Abstract

John Macnamara’s comments deal with issues that are important if somewhat obscure, and therefore merit more extensive and careful discussion than I can give here. I will follow his breakdown of the issues, considering first his comments on modularity, then on the principles-and-parameters conception of linguistic theory. Macnamara traces the modularity thesis to the so-called “autonomy of syntax” thesis. As he notes, my “statements of the autonomy thesis have been guarded.” One reason is that I do not know exactly what the thesis is supposed to be. The autonomy thesis has frequently been vigorously denied by critics who seem to have something in mind, but what it is, they have not clearly stated. In the work to which Macnamara refers (Chomsky, 1957), I considered various highly confident claims that syntax is necessarily based on semantics and argued that these specific claims were untenable. I have also pursued the point elsewhere (e.g. Chomsky, 1965, 1977), suggesting various forms that such a thesis might take and considering arguments offered to refute some (never clearly stated) “autonomy thesis” and in support of the position that “syntax is based on semantics”, arguments that generally seem to me without force.

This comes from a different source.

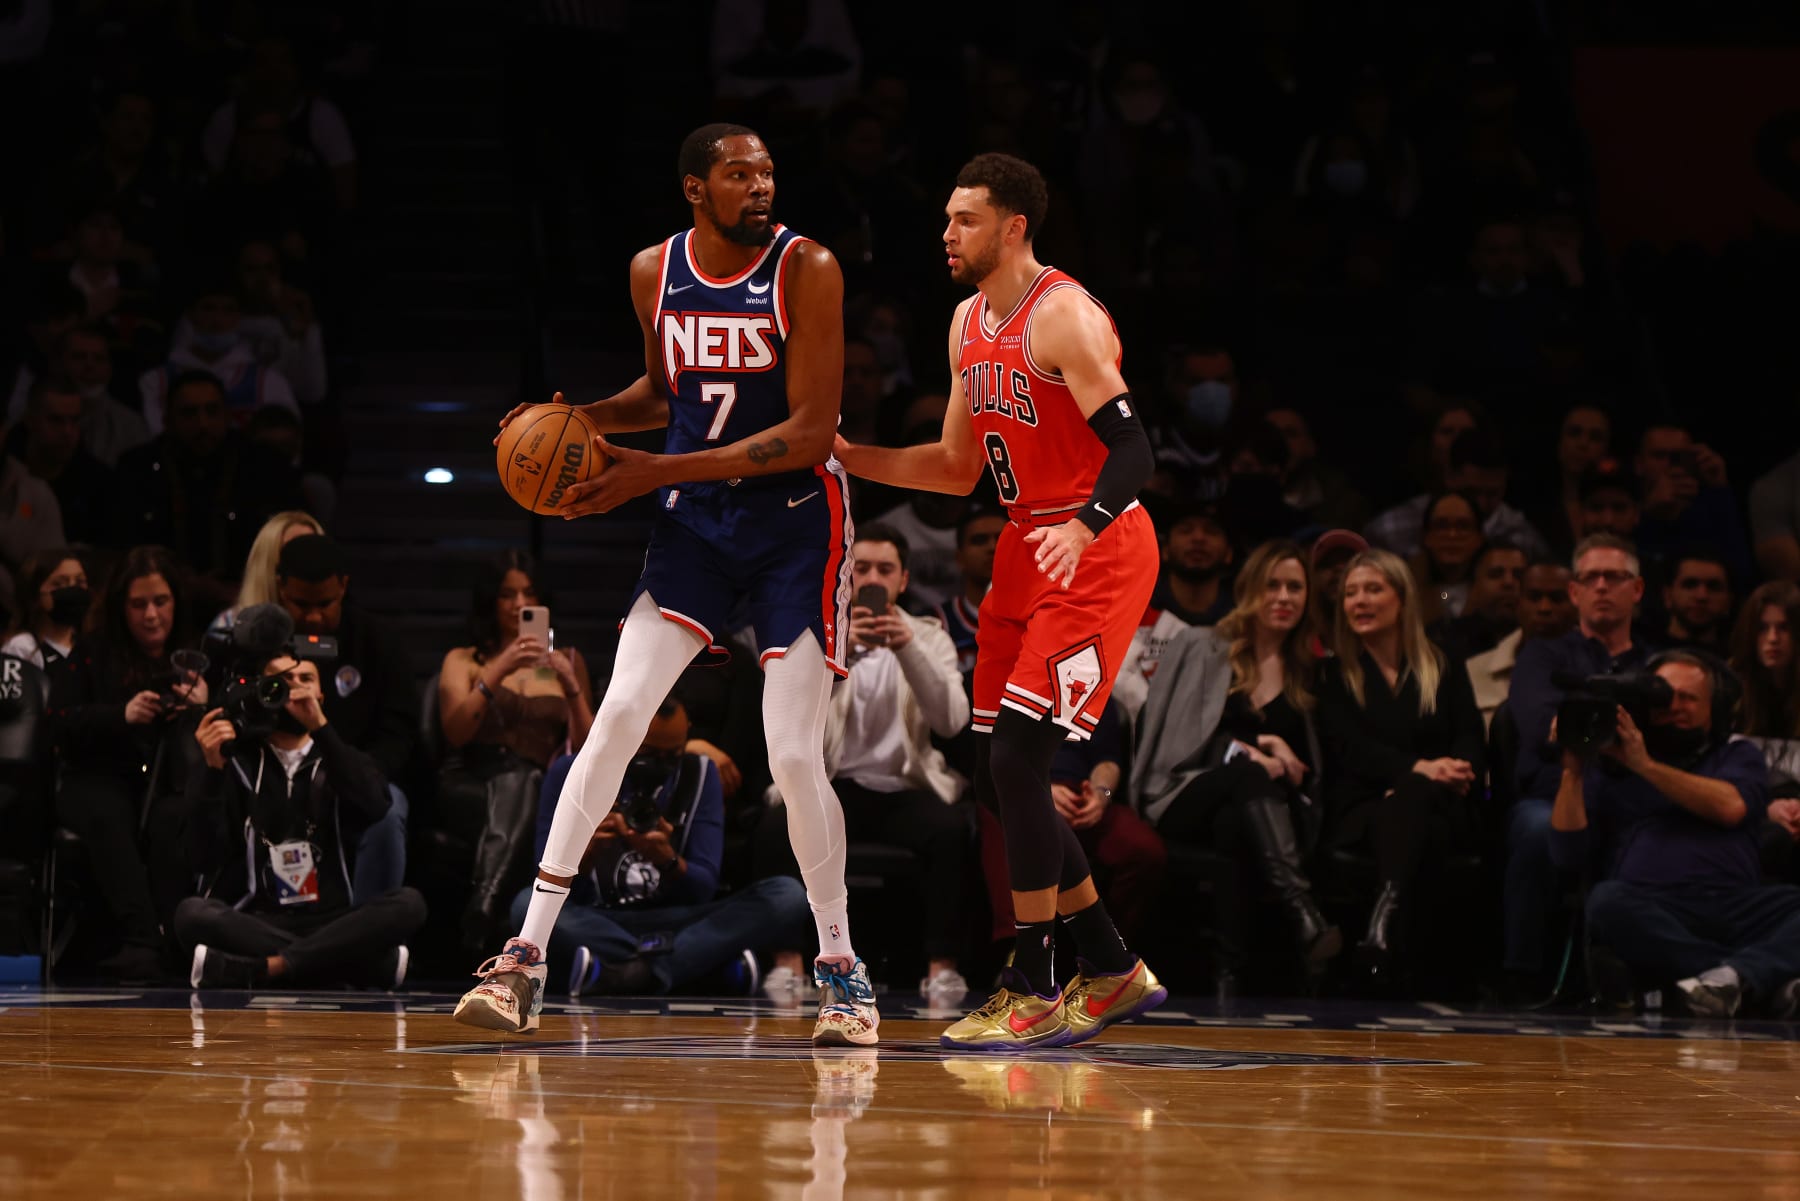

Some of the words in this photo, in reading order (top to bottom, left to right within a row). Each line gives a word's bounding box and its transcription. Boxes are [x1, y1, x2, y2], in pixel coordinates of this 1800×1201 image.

I have no doctrine on the matter: the problem is to find out the truth about what language is and how it is acquired. One reason why it is difficult to discuss the alleged thesis is that the term “semantics” is commonly used to refer to what I think should properly be called “syntax”, specifically, the syntax of mental representations. As Macnamara observes, “the key notion of semantics” is reference, a relation between elements of language and things in the world (or perhaps the world as it is conceived to be). Other key notions of semantics have to do with connection of meaning (analvticity, synonymy, etc.). But when terms such as “reference” are used internally to the study of mental representations and their syntax, as is often the case, then the claim that “syntax is based on semantics” becomes the empty assertion that “syntax is based on syntax improperly called ‘semantics’ “, and again it remains unclear what critics of the “‘autonomy thesis” take it to be asserting.